んで、南アジア支部から取り寄せた最高級茶葉がこれな』
『なんと!茶葉まで用意されたんですかぁ…』
『おうよ。それだけじゃねえぜ?
砂糖も卵もその他素材全部、世界各地から取り寄せたからっ!
あとはあれだ、極東にいて極東風の好みにも通じた料理人だけってわけだ』
『あー、同じレシピでも若干料理人の癖が出る事ありますしねぇ』
『だろっ?!色々調べて検討したんだけどよ、タマは極東出身だから極東出身の調理人が一番好みにあったモン作れるんじゃねえかと思ってな』
『了解しました。
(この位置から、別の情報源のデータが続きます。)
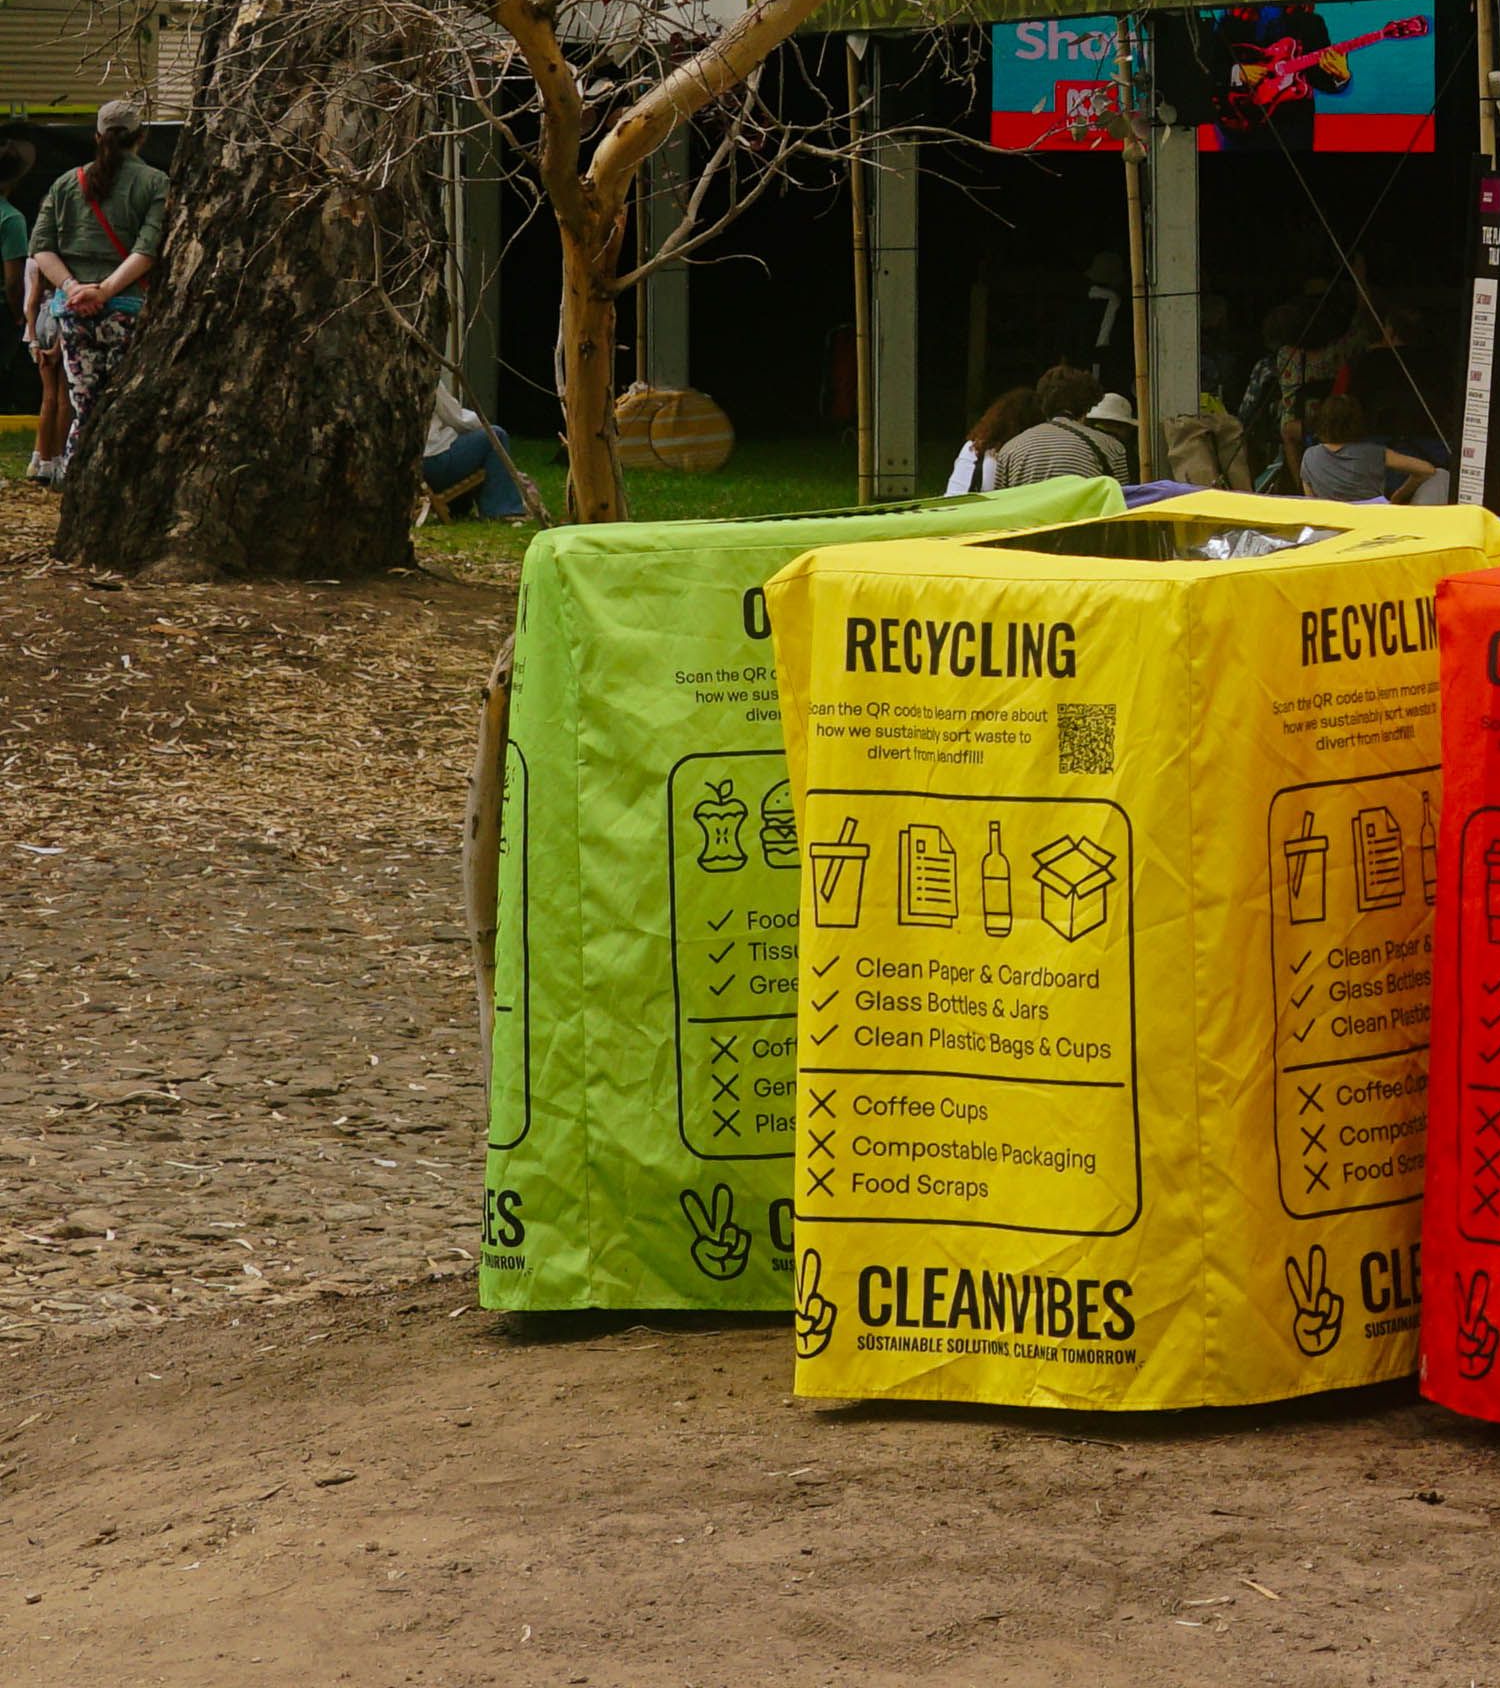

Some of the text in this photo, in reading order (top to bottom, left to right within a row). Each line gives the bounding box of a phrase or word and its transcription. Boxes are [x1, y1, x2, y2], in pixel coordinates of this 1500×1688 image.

[1302, 595, 1438, 667] RECYCLIN
[845, 617, 1076, 678] RECYCLING
[838, 702, 862, 716] the
[866, 702, 890, 719] QR
[894, 704, 921, 718] code
[923, 706, 933, 719] to
[934, 706, 966, 721] learn
[971, 710, 1008, 722] more
[1012, 708, 1048, 723] about
[817, 723, 844, 738] how
[849, 726, 870, 738] we
[942, 729, 971, 743] sort
[975, 731, 1016, 744] waste
[1020, 732, 1031, 744] to
[868, 746, 912, 761] divert
[748, 909, 799, 930] Food
[855, 957, 1100, 989] Clean Paper & Cardboard
[855, 990, 1048, 1020] Glass Bottles & Jars
[854, 1025, 1111, 1063] Clean Plastic Bags & Cups
[852, 1095, 988, 1124] Coffee Cups
[852, 1136, 1096, 1174] Compostable Packaging
[852, 1173, 989, 1201] Food Scraps
[858, 1265, 1136, 1341] CLEANVIBES
[857, 1334, 943, 1353] SUSTAINABLE
[1014, 1344, 1058, 1361] CLEANER
[1062, 1347, 1137, 1365] TOMORROW
アーサーさんの口に一番あうスイーツを作って見せます』
『おう、頼んだっ!』
「…と言う事がありまして…。
あの方は情報をとにかく集めて精度をあげた上で最高のものをピンポイントでという主義みたいなんですよね…だから…」
「だから?」
「夜もそうかなと思いまして…」
ぶほっ!!!!
…エリザ…本日二度目の吹きだし案件である。
「やっぱあれですよねぇ…。
ルートさんの場合、どこが良いのかとか頭のてっぺんからつま先まで一通り全部愛撫して確かめるけど、一つ一つに対しては淡泊で一通り手順を決めたらそれを毎回きっちり守り続けそうですけど、ギルベルトさんの場合、一般的に感じやすいと言われている場所から順番にピンポイントでその性感帯を相手が極めるまで執拗に開発し続けて、そこを開発し終わったら次とか、ねちっこく深く延々と探求し続けそうなイメージですよねぇ」
これをにこにことおにぎりをほおばりながら話すのだ。
アレだ…日和ちゃんもおっとりしているようでいて、やっぱり極東女子だわ……
エリザは手を合わせたい気分になってきた。
昔々…極東には腐女子の聖地と言われる場所があり、そこには神々の造りし物があふれていたと言う…。
極東の人々はその神々の子孫だ…穏やかに見えても凡人とは違うのかもしれない…
そんな事を考えながら、日和が日々食堂で見続けてきた光景とその講釈をありがたく拝聴するエリザだった。